Herbert Grönemeyer: Die Bühne ist sein Revier

Von Ingo Neumayer

Sänger, Schauspieler, Superstar: Herbert Grönemeyer hat viele Facetten und Talente. Erfolgreich ist er in allen seinen Professionen – und das seit Jahrzehnten. Am 12.04.2026 feiert er seinen 70. Geburtstag.

Herbert Grönemeyer bei der Vorstellung seines Albums "Was muss muss" (2008)

Herbert Arthur Wiglev Clamor Grönemeyer kommt am 12. April 1956 in – Überraschung! – Göttingen zur Welt. Nach Bochum zieht die Familie erst ein Jahr später. Dort wächst er mit seinen großen Brüdern Dietrich und Wilhelm auf. Mit acht fängt er an, Klavier zu spielen.

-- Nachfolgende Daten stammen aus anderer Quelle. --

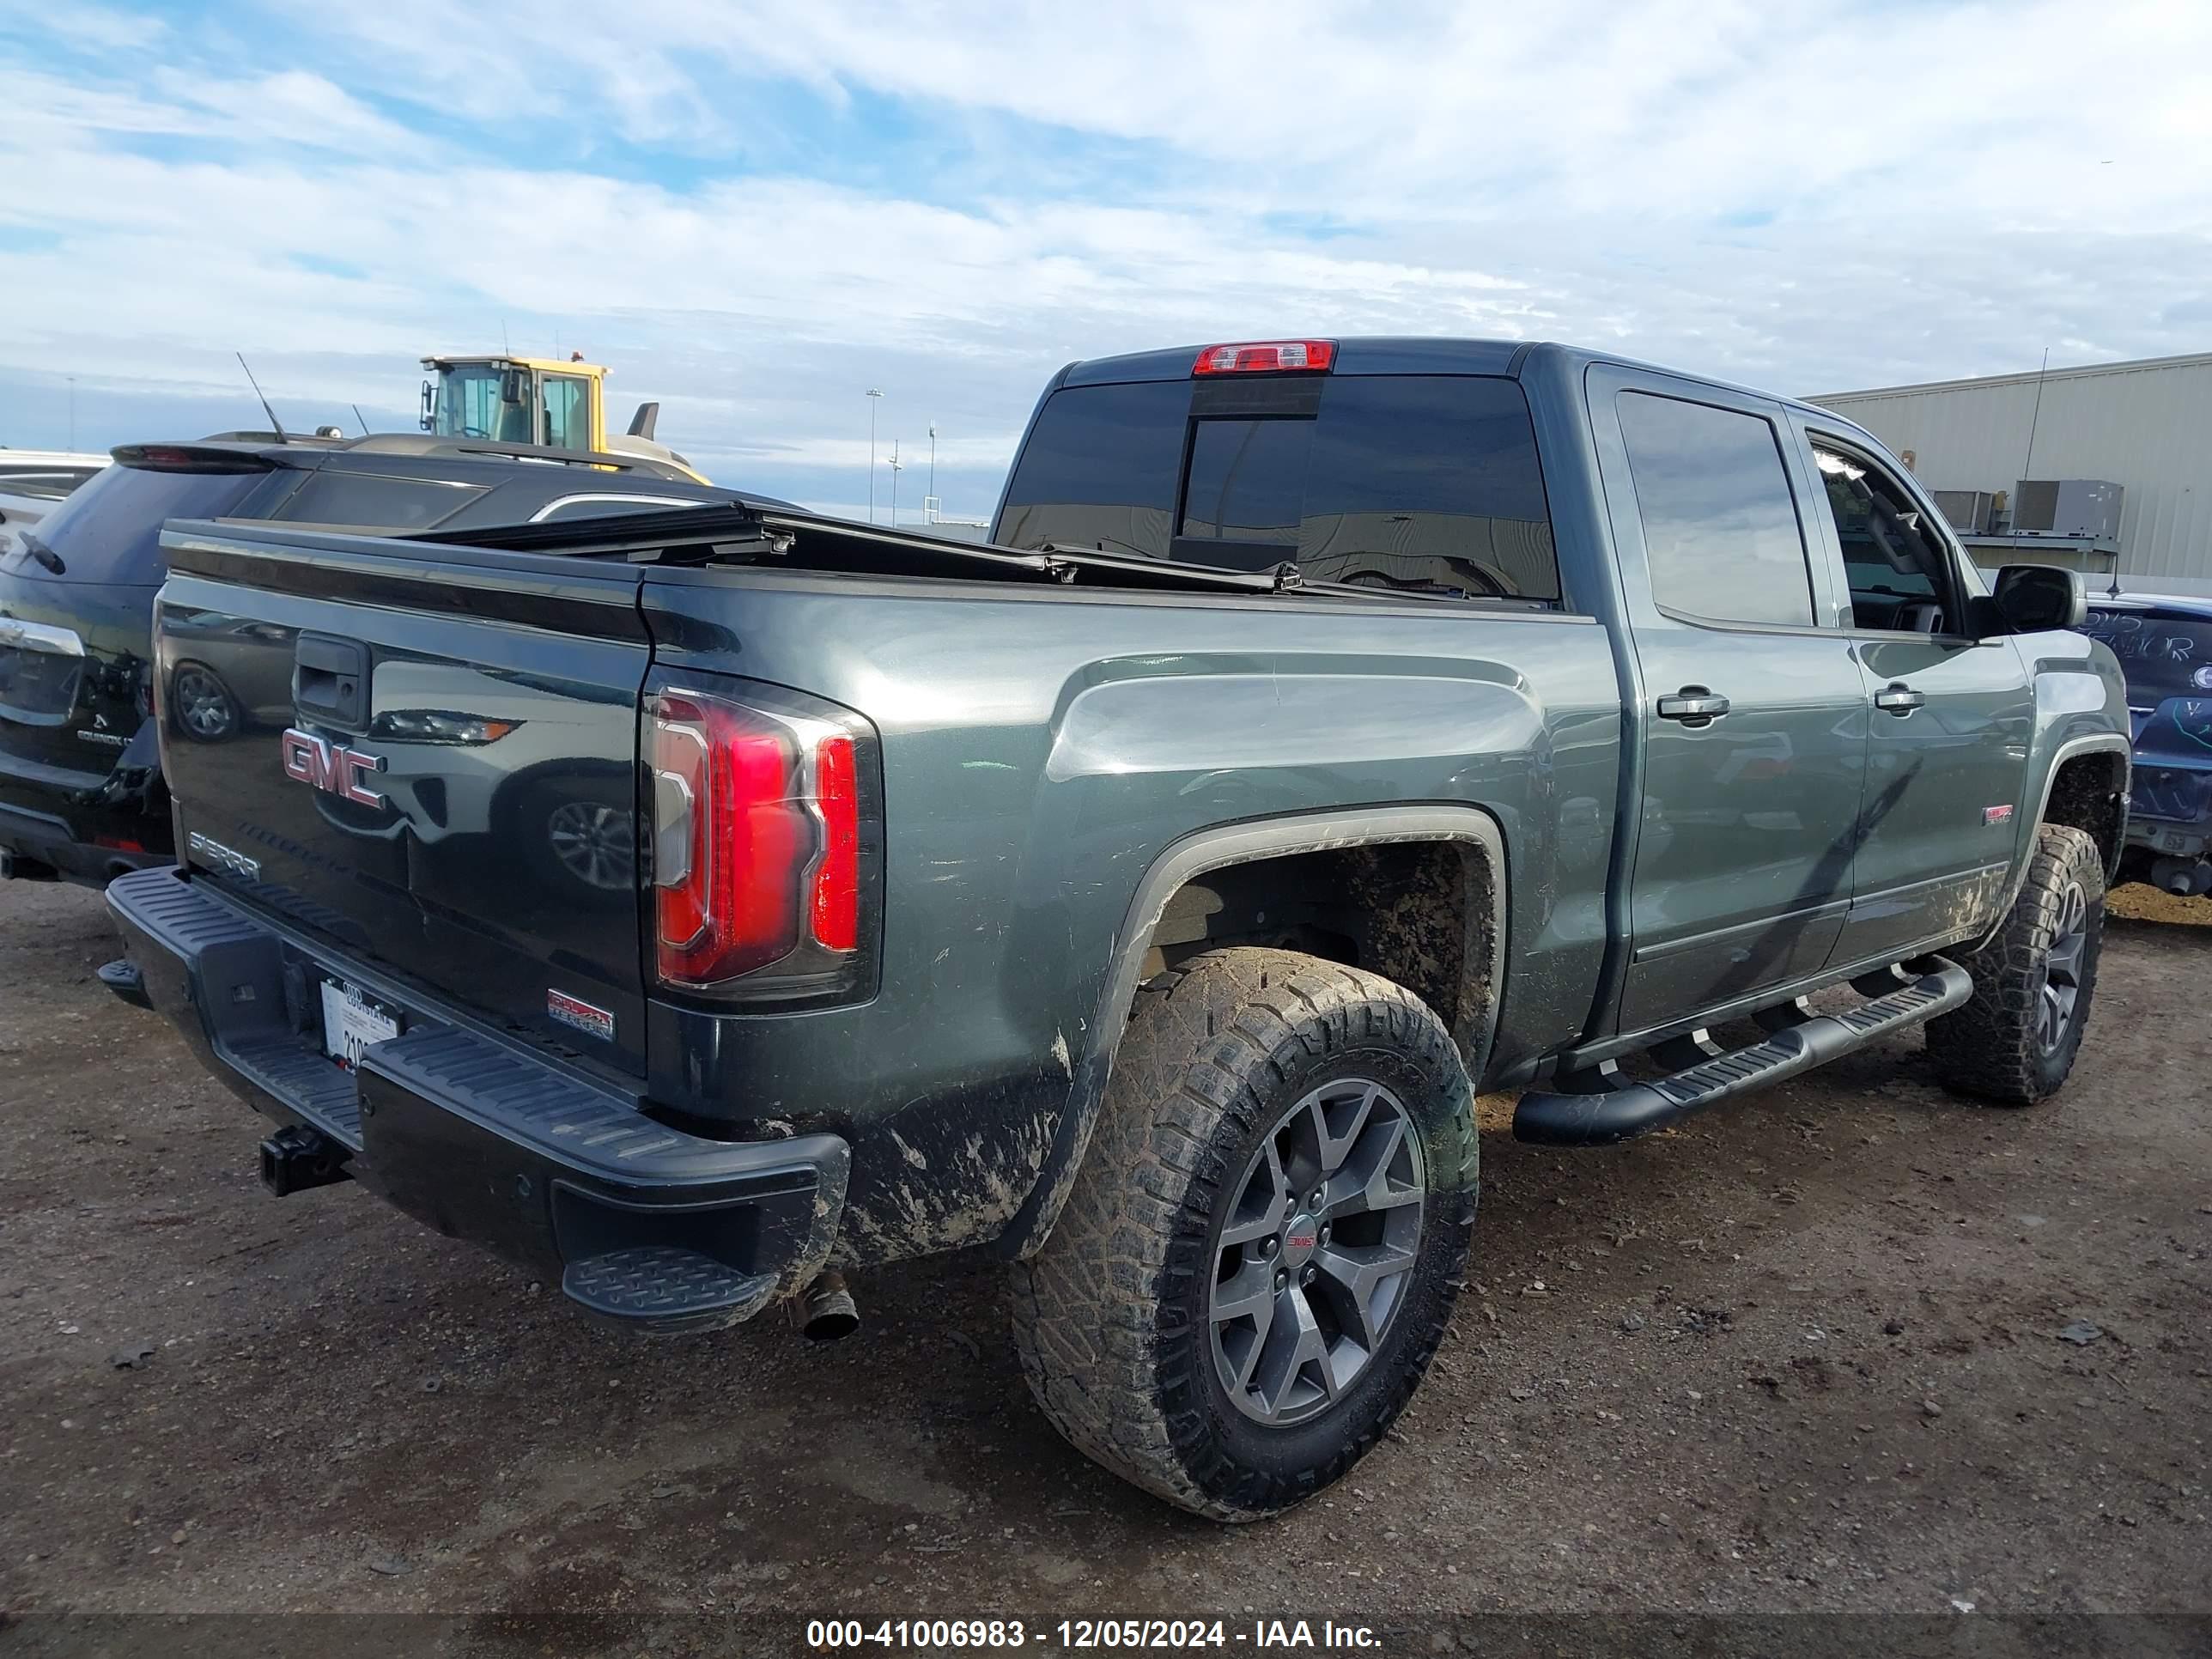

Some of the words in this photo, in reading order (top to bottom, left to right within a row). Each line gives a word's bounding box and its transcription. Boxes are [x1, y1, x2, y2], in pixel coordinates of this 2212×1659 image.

[282, 727, 388, 811] GMC
[189, 831, 261, 883] SIERRA
[346, 995, 392, 1028] LOUISIANA
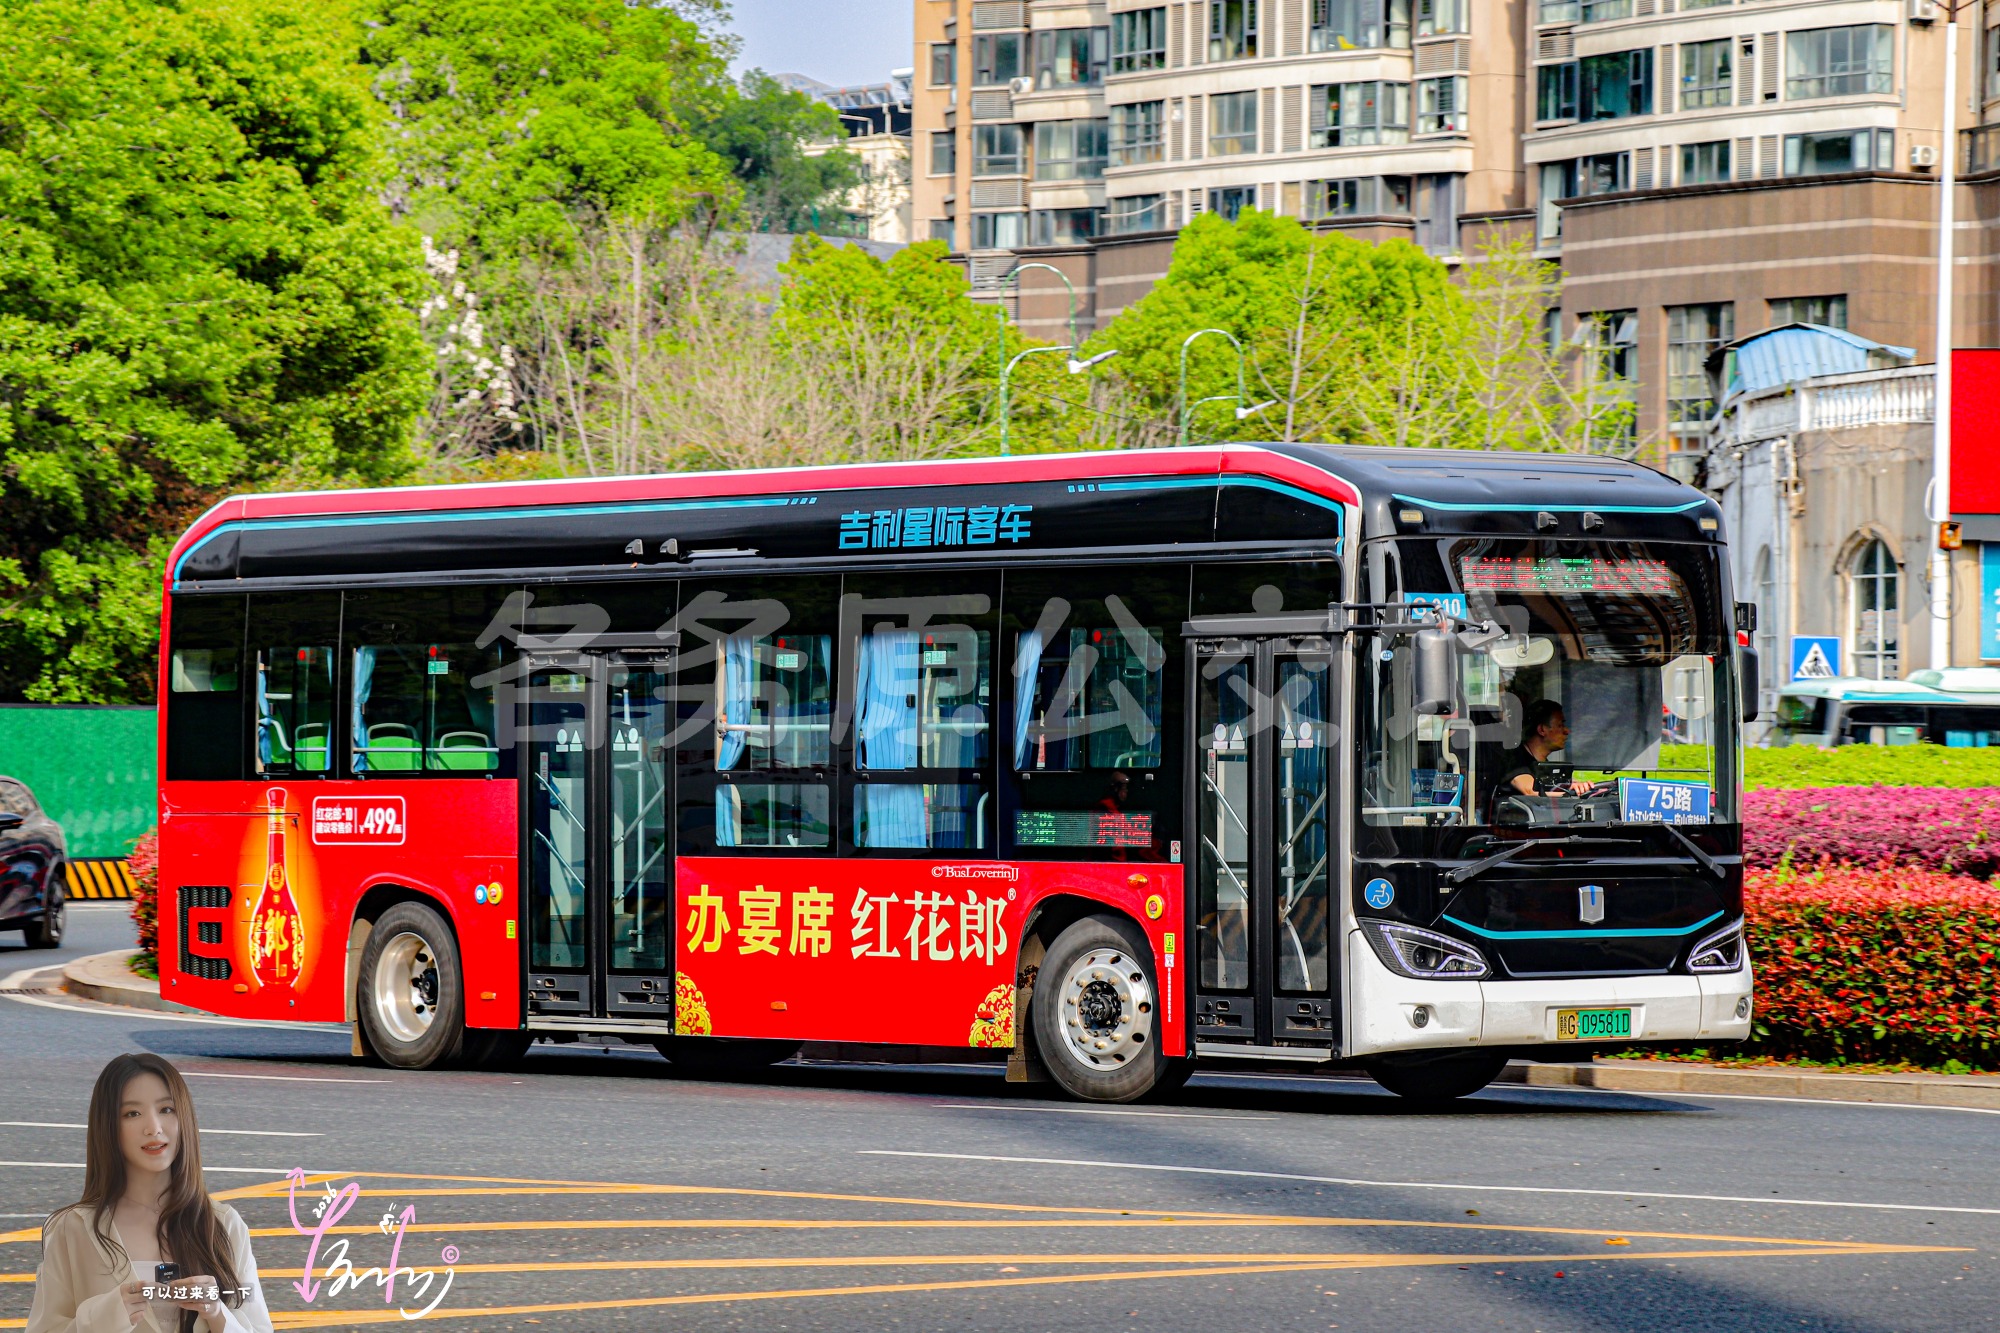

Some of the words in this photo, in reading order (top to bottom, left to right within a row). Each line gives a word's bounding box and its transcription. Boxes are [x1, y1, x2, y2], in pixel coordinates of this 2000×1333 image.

[838, 503, 1033, 549] 吉利星际客车
[1647, 785, 1692, 812] 75路
[686, 884, 834, 957] 办宴席
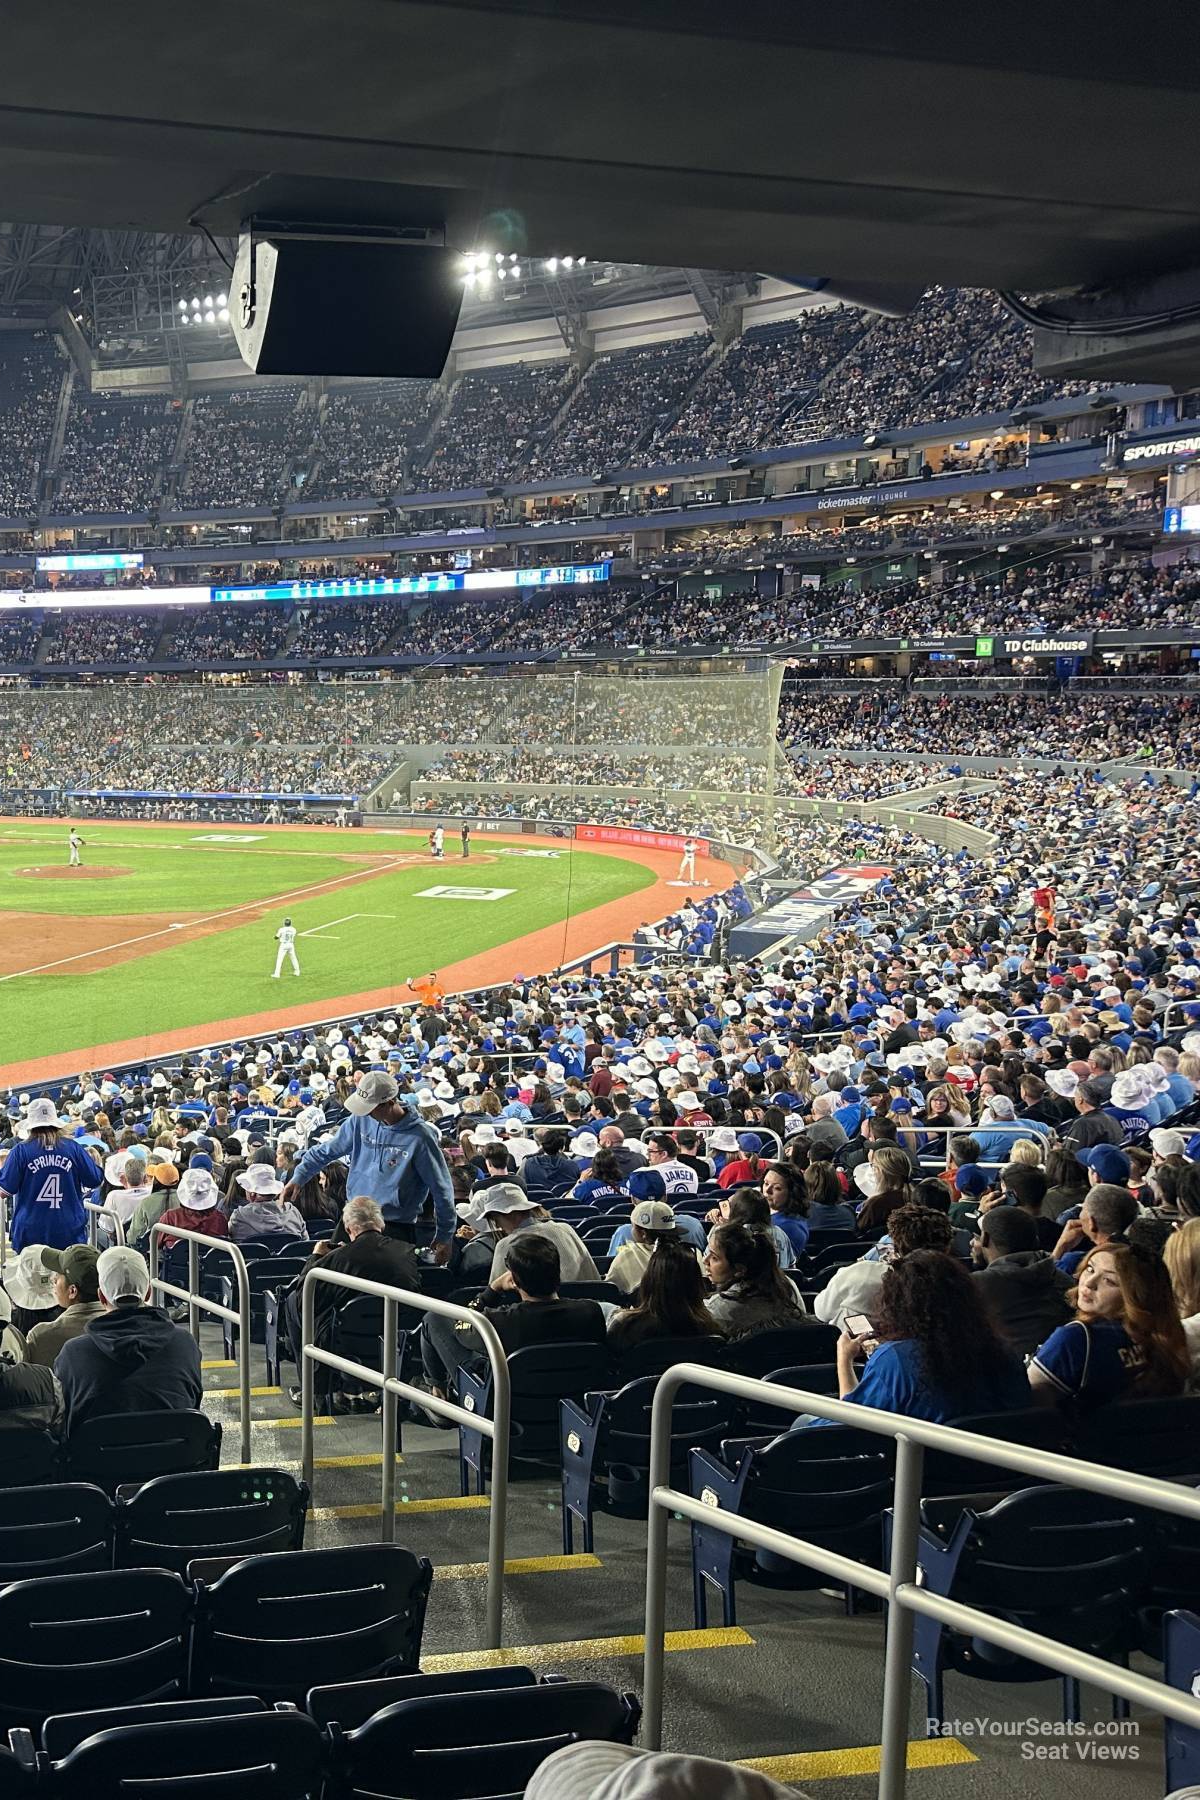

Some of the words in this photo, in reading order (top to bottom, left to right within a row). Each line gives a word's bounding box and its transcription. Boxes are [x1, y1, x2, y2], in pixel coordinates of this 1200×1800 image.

[817, 496, 872, 510] ticketmaster
[881, 491, 908, 501] LOUNGE
[1004, 640, 1021, 652] TD
[1022, 639, 1088, 651] Clubhouse
[486, 822, 500, 830] BET
[27, 1154, 73, 1174] SPRINGER
[664, 1169, 694, 1183] JANSEN
[35, 1173, 64, 1209] 4

Herbert Grönemeyer und Sabine Buschmann in "Daheim unter Fremden" (1979)

Die Musik hat es ihm angetan. Sein erstes Geld verdient er als Pianist am Bochumer Schauspielhaus. Schnell fasst er dort Fuß, noch während der Schulzeit bekommt er seine erste Bühnenrolle. Im Musical "John, Paul, George, Ringo ... und Bert" spielt er – logisch – den Bert. 1979 steht er das erste Mal vor der Kamera – im ARD-Fernsehfilm "Zuhaus unter Fremden".

Herbert Grönemeyer, Stephan Sulke und Maren Berg bei einem Auftritt in Kiel (1970er)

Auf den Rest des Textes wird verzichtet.